最近、この未解決問題に客観的な結論が出されました。
この研究は日本で施行された大変素晴らしい研究です。

Oral anticoagulation after atrial fibrillation catheter ablation: benefits and risks.
Eur Heart J. 2024;45:522.


【方法】
2014年~2021年に心房細動に対するカテーテル治療が行われた患者のデータをレセプト情報・特定健診等情報データベース(NDB)から抽出し、後ろ向きに解析されまた。

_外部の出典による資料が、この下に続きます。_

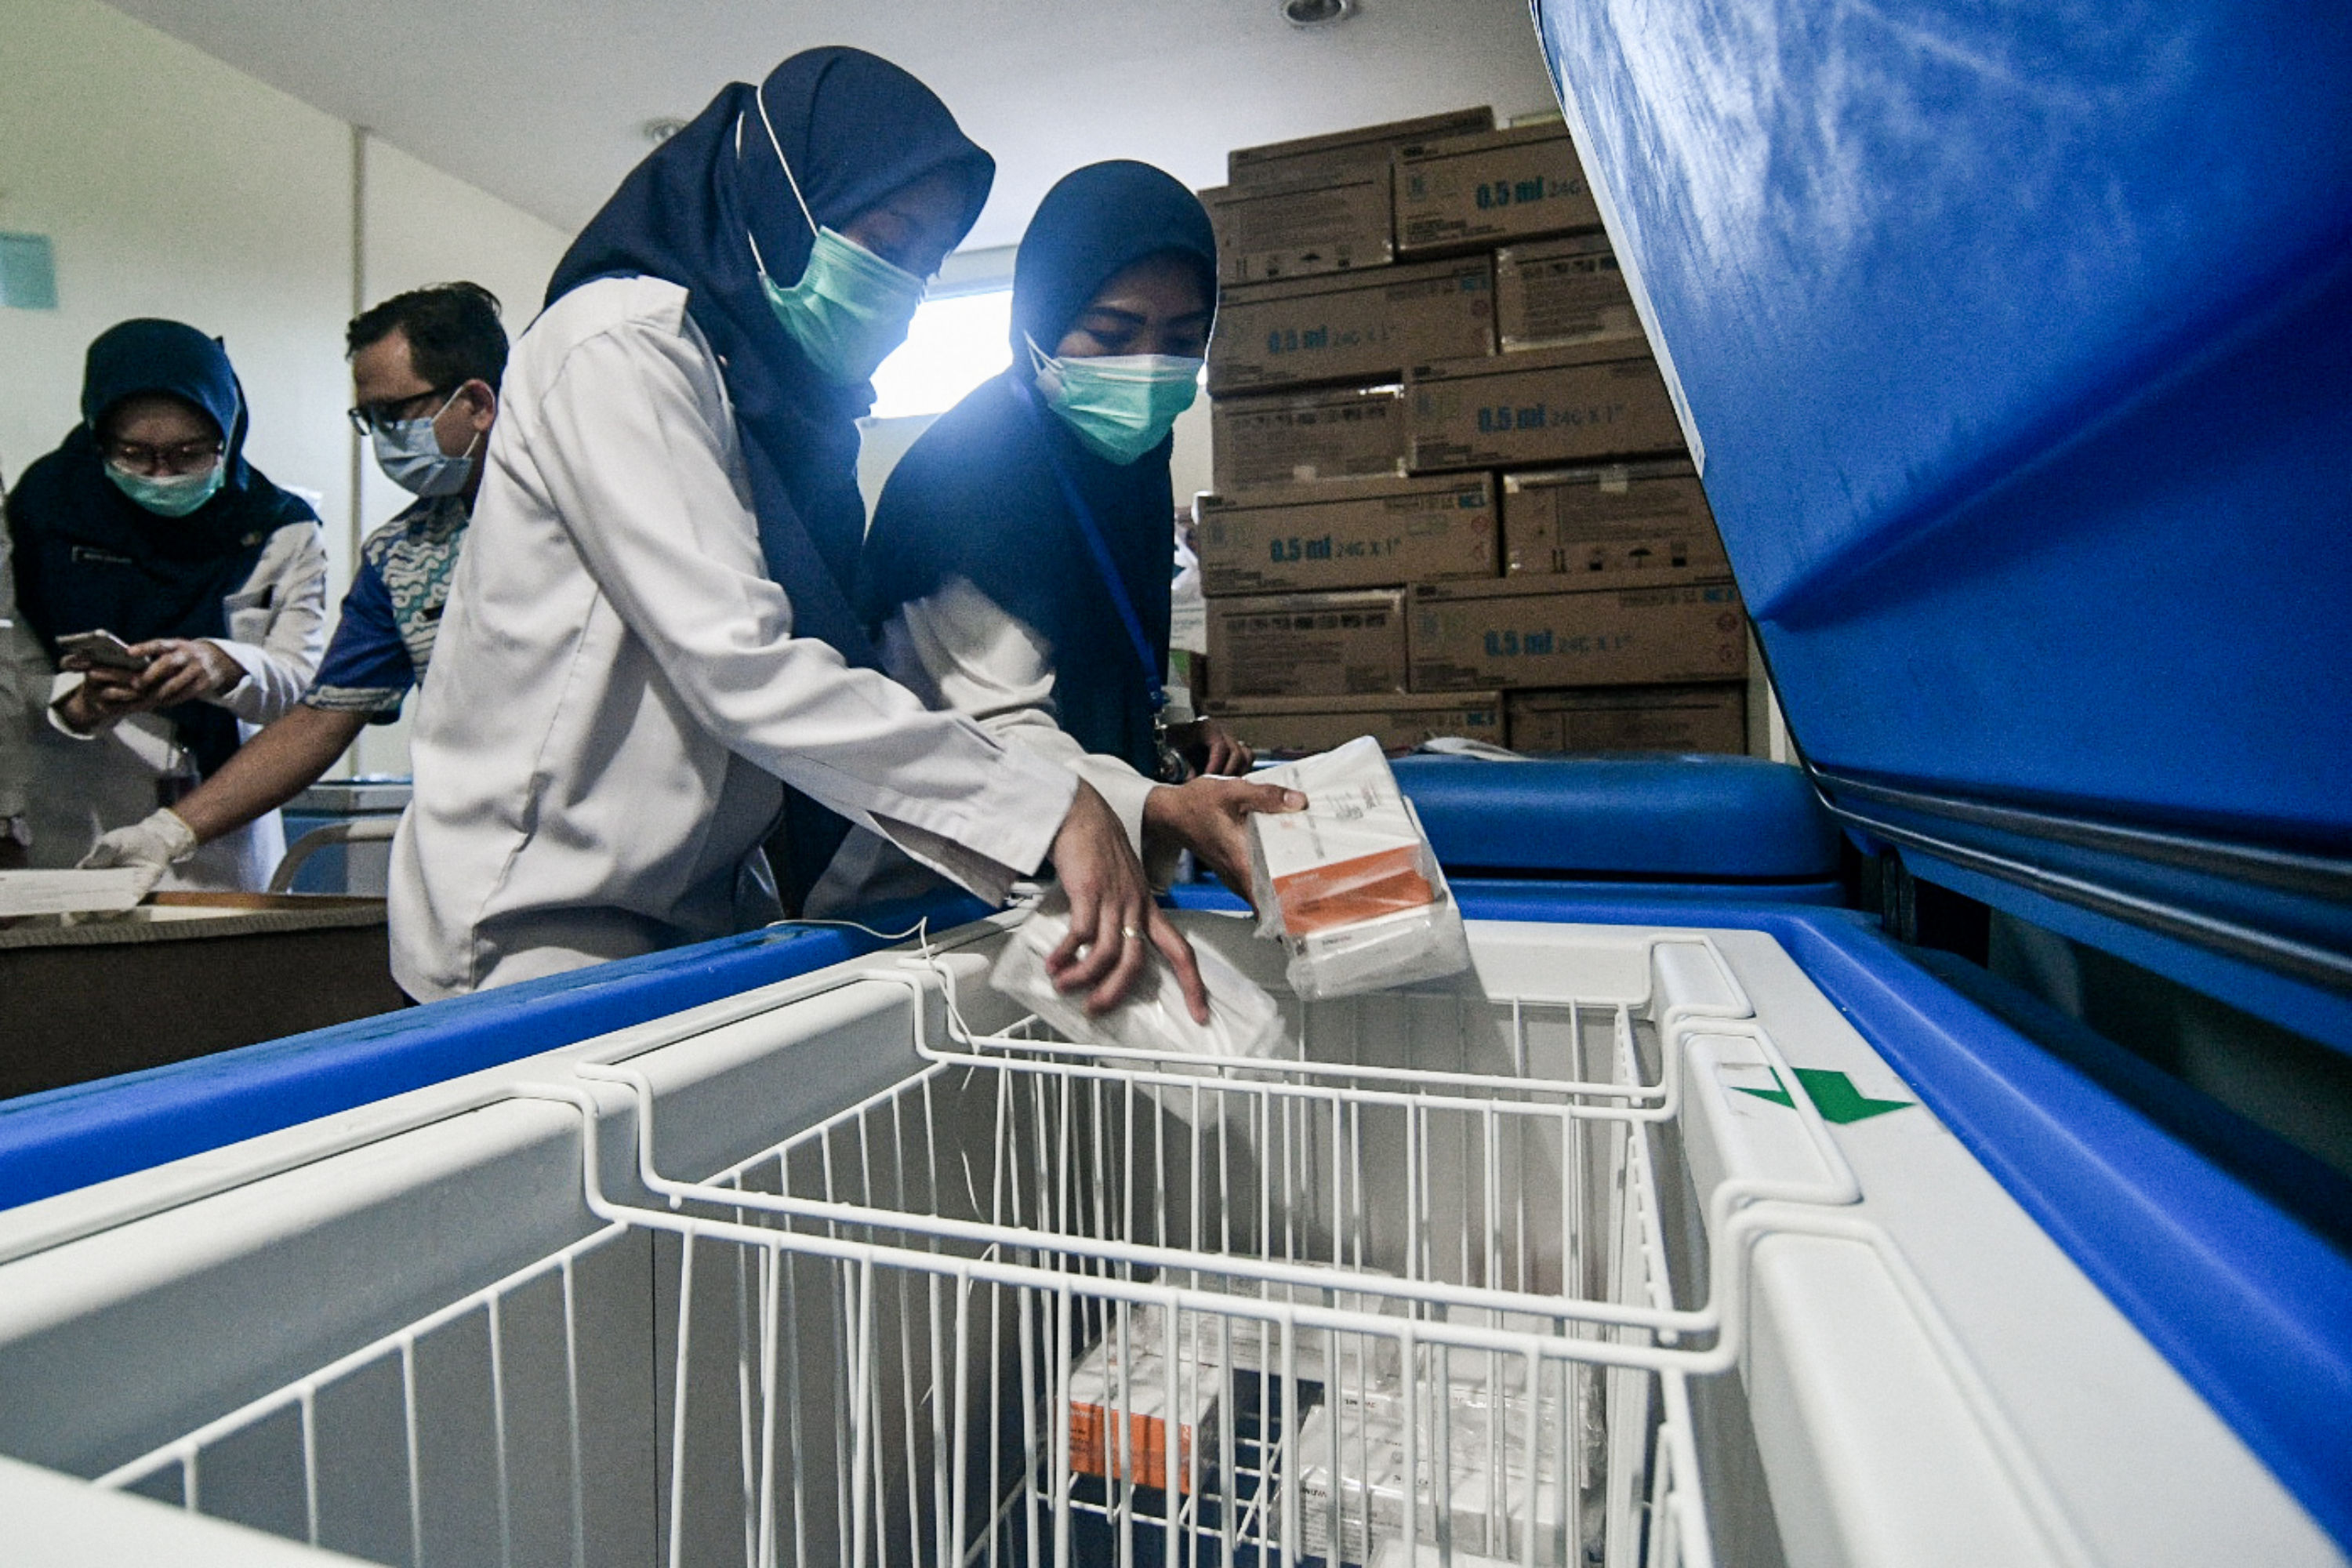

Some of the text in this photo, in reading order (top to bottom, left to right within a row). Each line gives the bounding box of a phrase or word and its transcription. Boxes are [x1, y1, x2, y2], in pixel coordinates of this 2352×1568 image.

カテーテル治療後、心房細動の再発がない患者23万1,374例を対象として、カテーテル治療後6ヵ月時点の抗凝固薬の継続の有無で2群に分類されました。

さらにCHADS2スコアで3群(1点以下、2点、3点以上)に分類し、抗凝固薬の継続の有無と血栓塞栓症、大出血の発生の関連が検討されました。

【結果】
CHADS2スコア別に血栓塞栓症リスクを検討した結果、CHADS2スコア3点以上の患者では抗凝固薬の継続により有意に血栓塞栓症リスクが低下しましたが、CHADS2スコア1点以下、2点の患者では低下しませんでした。

CHADS2スコア別に大出血リスクを検討した結果、CHADS2スコア1点以下、2点の患者では抗凝固薬の継続により有意に大出血リスクが上昇しましたが、CHADS2スコア3点以上の患者では上昇しませんでした。

【結論】
つまり、CHADS2スコア2点以下の患者では、カテーテル治療成功後に血液さらさら療法を継続するのはよくないことが判明しました。